**WHAT TO PRODUCE:** Since the copy must hold text only, transcribe the data below exactly and omit the images.

(RECORDS PROVIDED Opens)

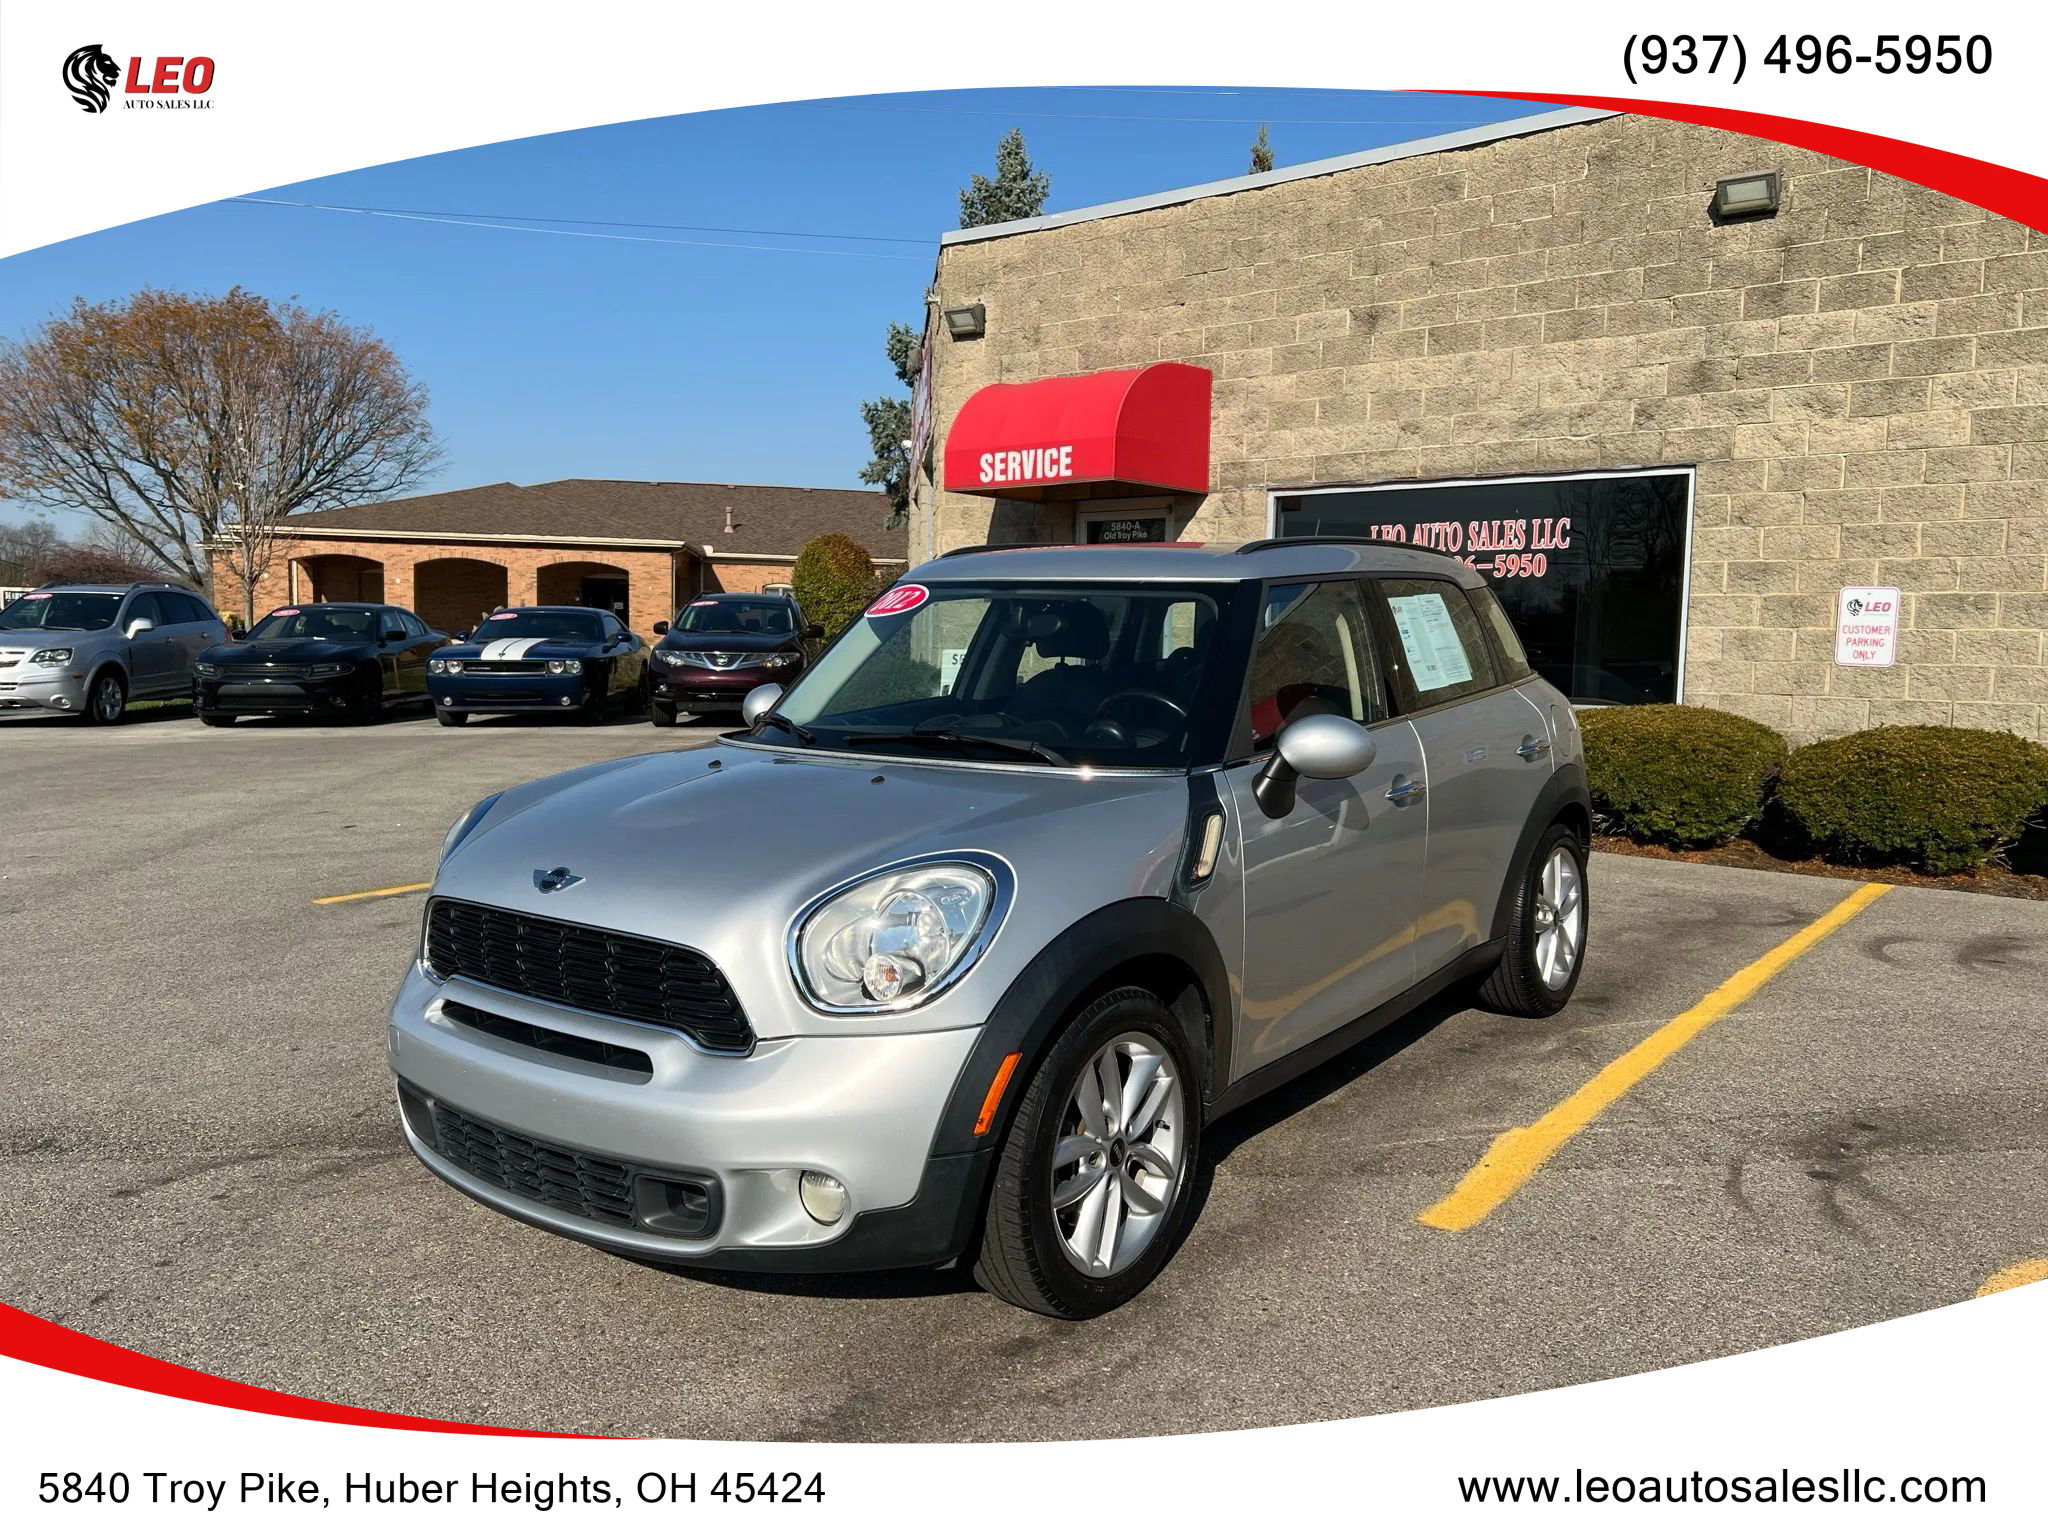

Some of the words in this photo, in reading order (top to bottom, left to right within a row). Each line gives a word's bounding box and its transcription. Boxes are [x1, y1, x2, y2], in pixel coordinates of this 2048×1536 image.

[979, 445, 1073, 483] SERVICE
[1111, 521, 1141, 531] 5840-A
[1104, 531, 1117, 540] Old
[1117, 531, 1131, 541] Troy
[1132, 530, 1148, 539] Pike
[1412, 521, 1463, 552] AUTO
[1467, 518, 1527, 551] SALES
[1531, 517, 1571, 550] LLC
[1454, 553, 1547, 578] 6-5950
[1864, 602, 1892, 613] LEO
[1842, 625, 1891, 635] CUSTOMER
[1846, 638, 1885, 648] PARKING
[1852, 650, 1877, 661] ONLY

(RECORDS PROVIDED Closes)

**ANSWER:**
Some of the words in this photo, in reading order (top to bottom, left to right within a row). Each line gives a word's bounding box and its transcription. Boxes are [x1, y1, x2, y2], in pixel coordinates of this 2048×1536 image.

[979, 445, 1073, 483] SERVICE
[1111, 521, 1141, 531] 5840-A
[1104, 531, 1117, 540] Old
[1117, 531, 1131, 541] Troy
[1132, 530, 1148, 539] Pike
[1412, 521, 1463, 552] AUTO
[1467, 518, 1527, 551] SALES
[1531, 517, 1571, 550] LLC
[1454, 553, 1547, 578] 6-5950
[1864, 602, 1892, 613] LEO
[1842, 625, 1891, 635] CUSTOMER
[1846, 638, 1885, 648] PARKING
[1852, 650, 1877, 661] ONLY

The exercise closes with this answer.